Henry Merwin Shrady American, 1871-1922

Overview

Born in 1871, Henry Merwin Shrady, the son of a successful and well-known physician, was two years into his training to become a lawyer when an onset of typhoid fever caused his withdrawal. During the years of his convalescence he took up drawing and watercolor, concentrating on household pets and the animals he observed first hand at the Bronx Zoo. An early equestrian group, Artillery Going Into Action, 1898-99, caught the attention of New York jeweler and bronze founder Theodore B. Starr and of American sculptor Karl Bitter who encouraged Shrady to enlarge his models Monarch of the Plains, 1899, and Bull Moose for inclusion in the 1901 Pan-American Exposition, Buffalo NY. Both models were among the earliest examples cast by the lost wax casting process, a process pioneered at Roman Bronze Works, New York, just a decade earlier., Impressed by the superb modeling and quality of casting, Frederick Remington (1861-1909) sought to utilize the new process himself, casting his own model The Northerner, at Roman Bronze Works in 1900 and henceforth cast exclusively in lost wax for the remainder of his career.

 

Shrady’s first major commission, an equestrian statue of George Washington at Valley Forge, 1901, for Brooklyn’s Continental Army Plaza, won him high praise among America’s most notable sculptors including Daniel Chester French (1850-1931), sculptor of the Lincoln Memorial.
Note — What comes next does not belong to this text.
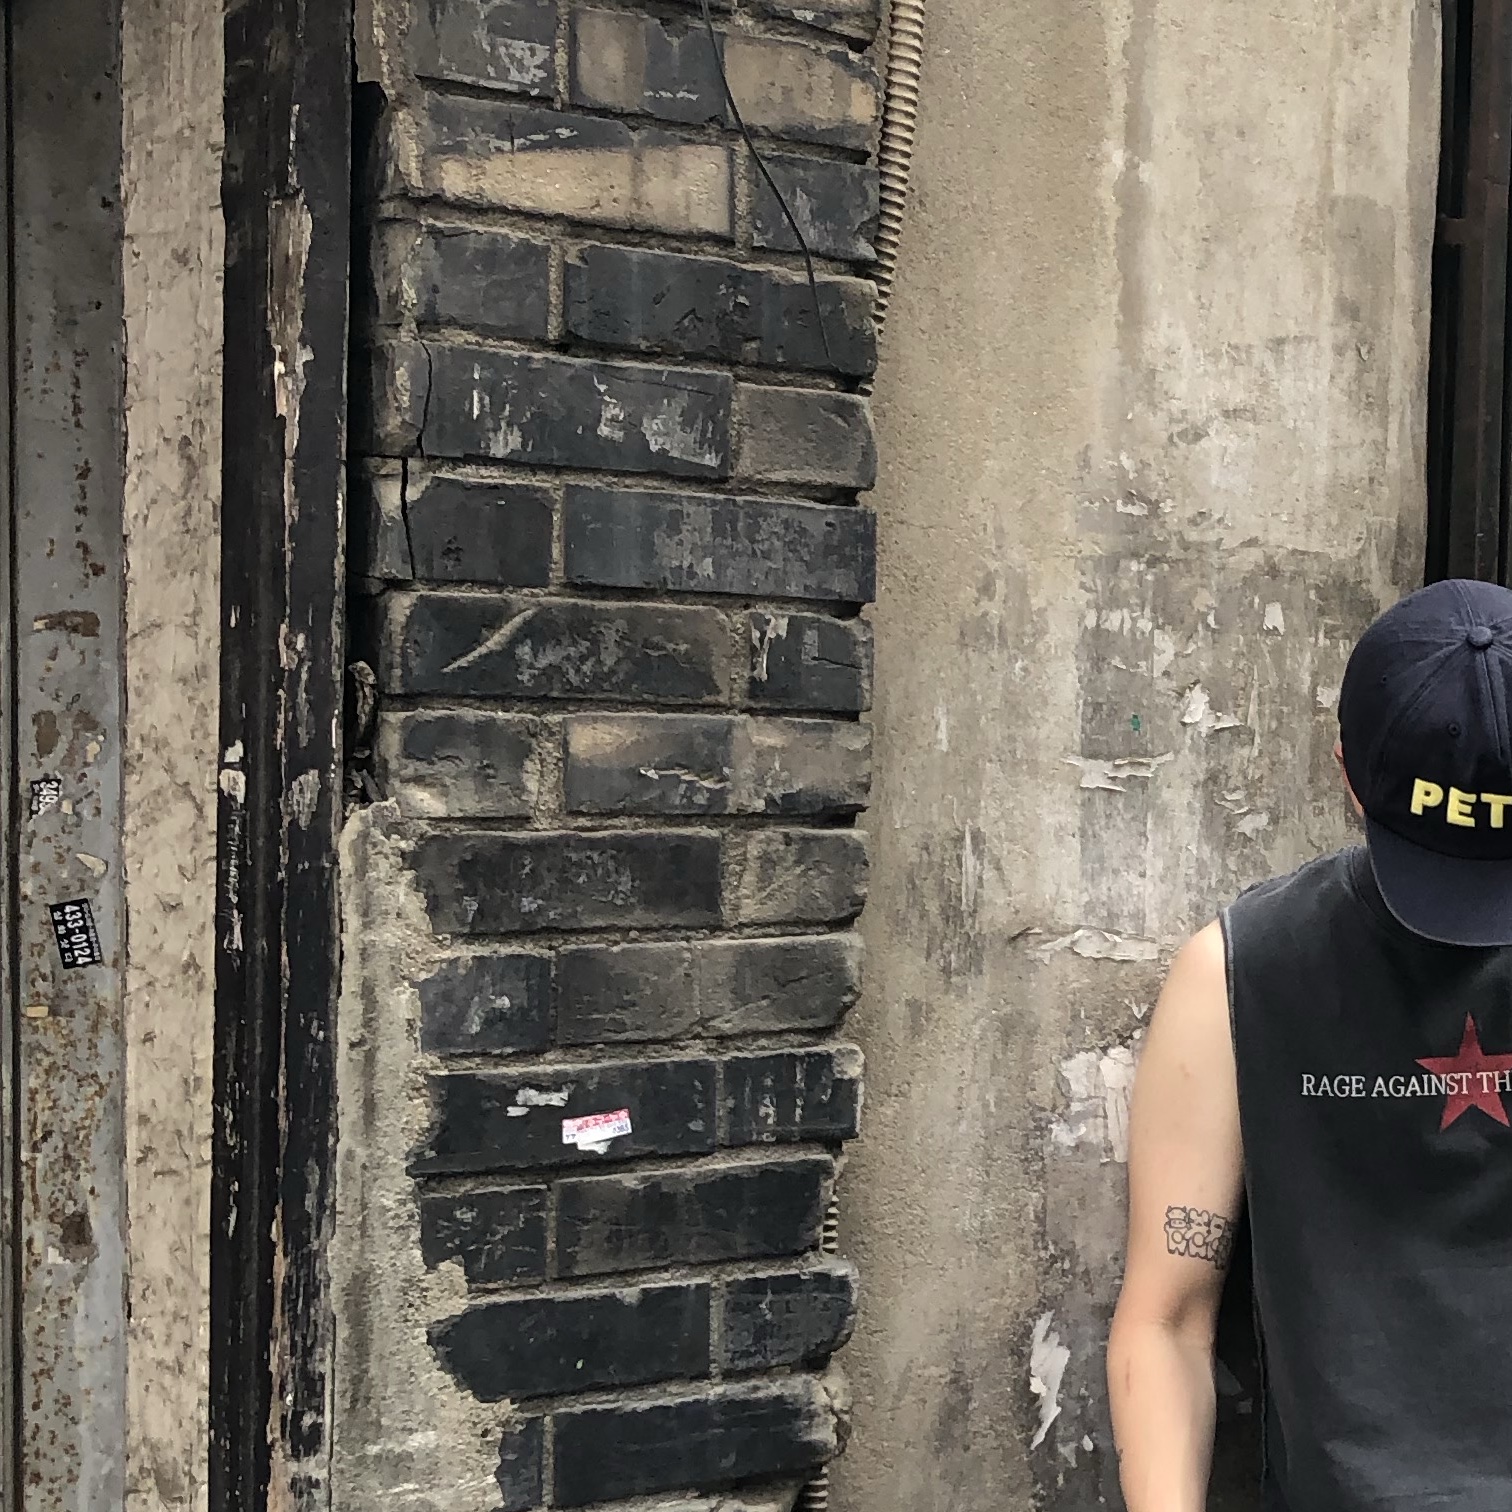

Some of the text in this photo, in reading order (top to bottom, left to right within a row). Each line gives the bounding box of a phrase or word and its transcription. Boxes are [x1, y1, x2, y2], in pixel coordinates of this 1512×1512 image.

[63, 903, 94, 966] 433-0124
[1300, 1073, 1367, 1098] RAGE
[1370, 1072, 1472, 1098] AGAINST
Other major commissions followed including the General Ulysses S. Grant Memorial in Washington DC.

 

Henry Merwin Shrady’s early studies into biology and anatomy and his intimate knowledge of the musculature of horses, coupled with a concentration on the academic study of equine anatomy, quickly catapulted him to become one of America’s finest animalier sculptors.